- Founded: 1967; 59 years ago
- University: Furman University
- Head coach: Brandon Tucker (1st season)
- Conference: SoCon
- Location: Greenville, South Carolina, US
- Stadium: Stone III Stadium (capacity: 3,000)
- Nickname: Paladins
- Colors: Royal purple and white
| Home | Away |

NCAA tournament College Cup
- 2025

NCAA tournament Quarterfinals
- 1999, 2025

NCAA tournament Round of 16
- 1999, 2002, 2025

NCAA tournament appearances
- 1991, 1993, 1994, 1996, 1999, 2000, 2001, 2002, 2007, 2011, 2014, 2015, 2018, 2024, 2025

Conference tournament championships
- 1988, 1989, 1991, 1993, 1994, 1996, 1997, 1999, 2000, 2001, 2002, 2007, 2014, 2015, 2018, 2024, 2025

Conference regular season championships
- 1983, 1984, 1986, 1987, 1988, 1990, 1991, 1992, 1993, 1994, 1995, 1996, 1998, 1999, 2000, 2001, 2002, 2007, 2010, 2019, 2020

= Furman Paladins men's soccer =

American college soccer team

The Furman Paladins men's soccer team represents Furman University in Greenville, South Carolina, in men's college soccer.
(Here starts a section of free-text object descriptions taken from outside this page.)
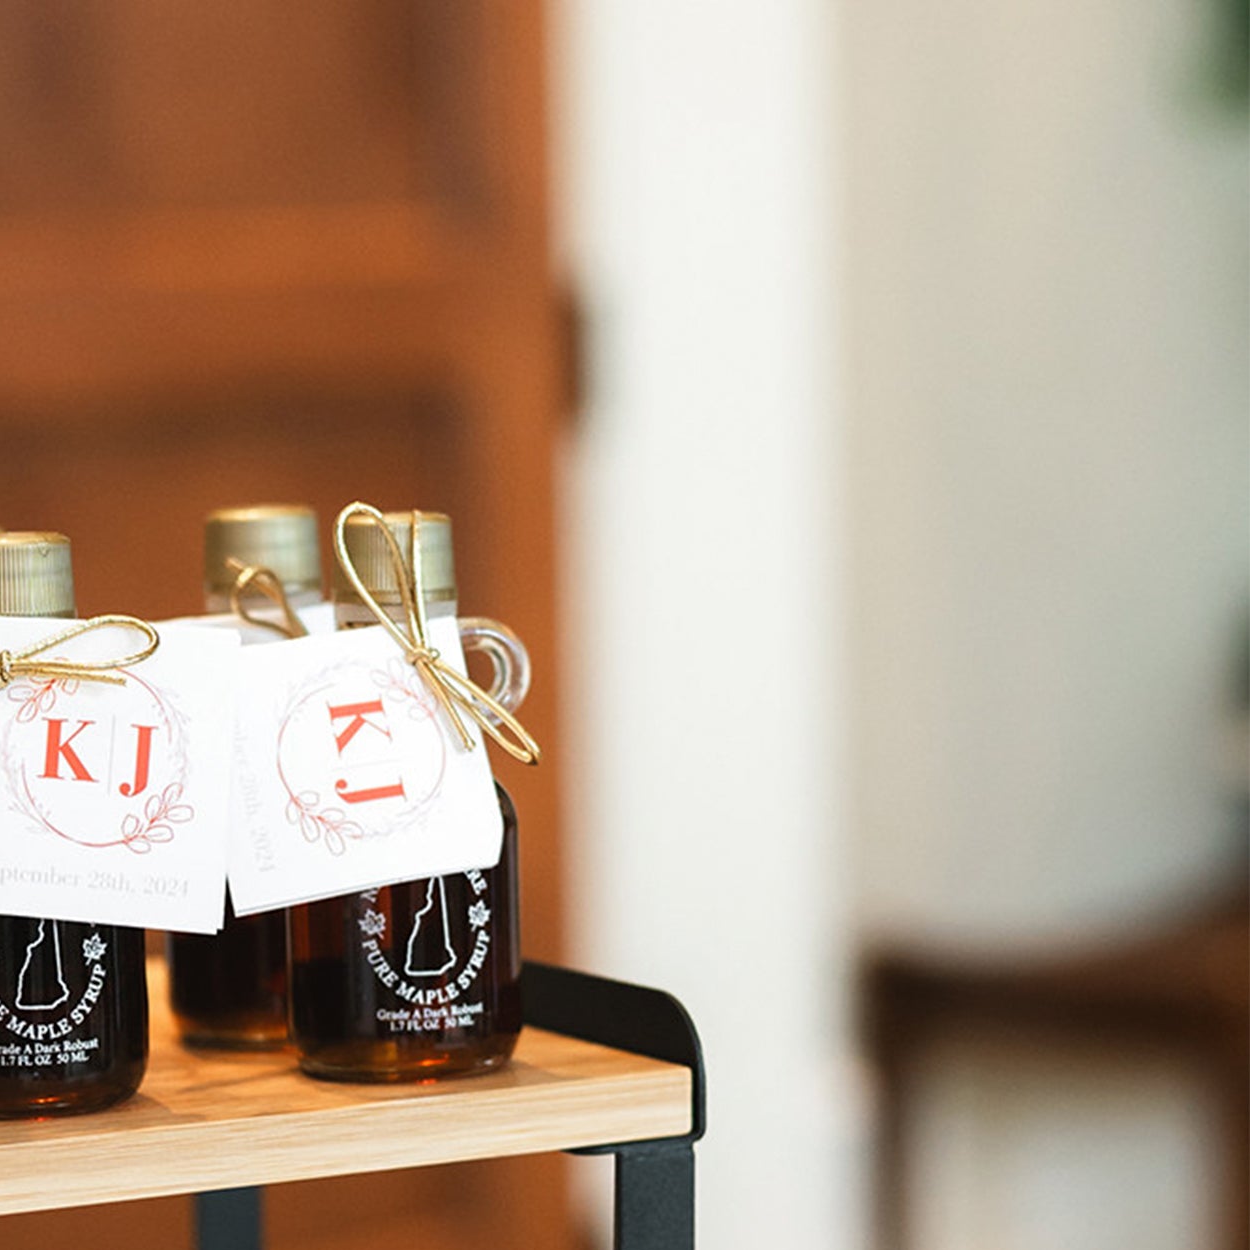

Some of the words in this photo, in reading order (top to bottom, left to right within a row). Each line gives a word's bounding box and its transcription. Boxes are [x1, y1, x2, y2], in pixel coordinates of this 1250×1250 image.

[326, 693, 393, 758] K
[37, 717, 99, 783] K
[119, 723, 159, 798] J
[334, 776, 408, 805] J
[87, 871, 135, 894] 28th,
[143, 874, 190, 897] 2024
[362, 940, 400, 988] PURE
[395, 981, 460, 1005] MAPLE
[457, 930, 491, 990] SYRUP
[6, 1015, 73, 1040] MAPLE
[70, 964, 107, 1025] SYRUP
[413, 1009, 421, 1019] A
[0, 1056, 15, 1067] 1.7
[18, 1055, 33, 1066] FL
[34, 1054, 53, 1066] OZ
[56, 1053, 69, 1064] 50
[71, 1051, 90, 1062] ML
[23, 1044, 32, 1054] A
[34, 1042, 61, 1054] Dark
[63, 1037, 99, 1051] Robust
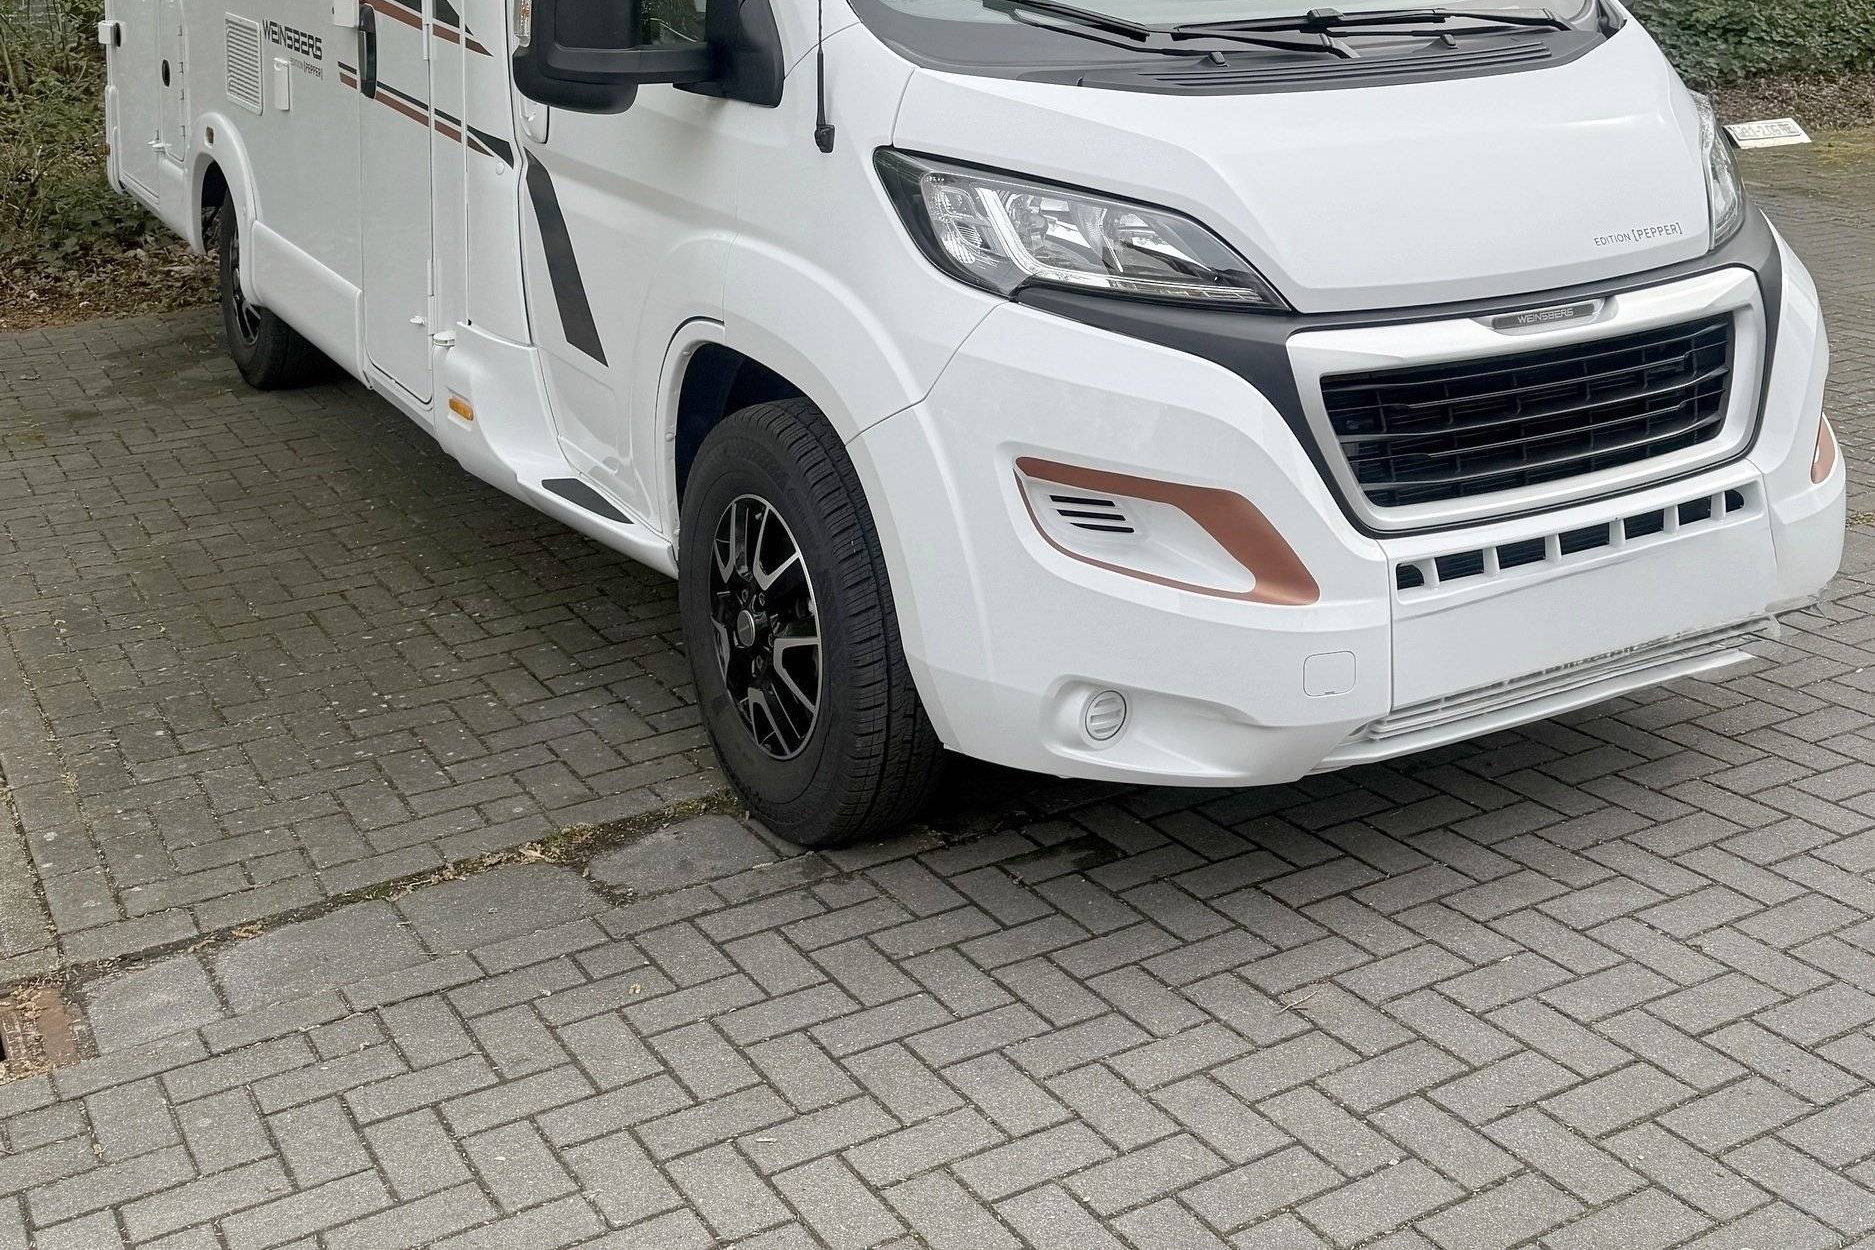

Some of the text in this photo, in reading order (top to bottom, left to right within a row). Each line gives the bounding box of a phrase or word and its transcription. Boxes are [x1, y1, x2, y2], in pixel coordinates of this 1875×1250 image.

[262, 19, 323, 61] WEINSBERG
[1594, 222, 1683, 247] EDITION [PEPPER]
[1517, 308, 1574, 323] WEINSBERG
The team is a member of the Southern Conference, which is part of the National Collegiate Athletic Association's Division I. The team plays its home games at Eugene Stone Stadium in Greenville. The Paladins are coached by Doug Allison.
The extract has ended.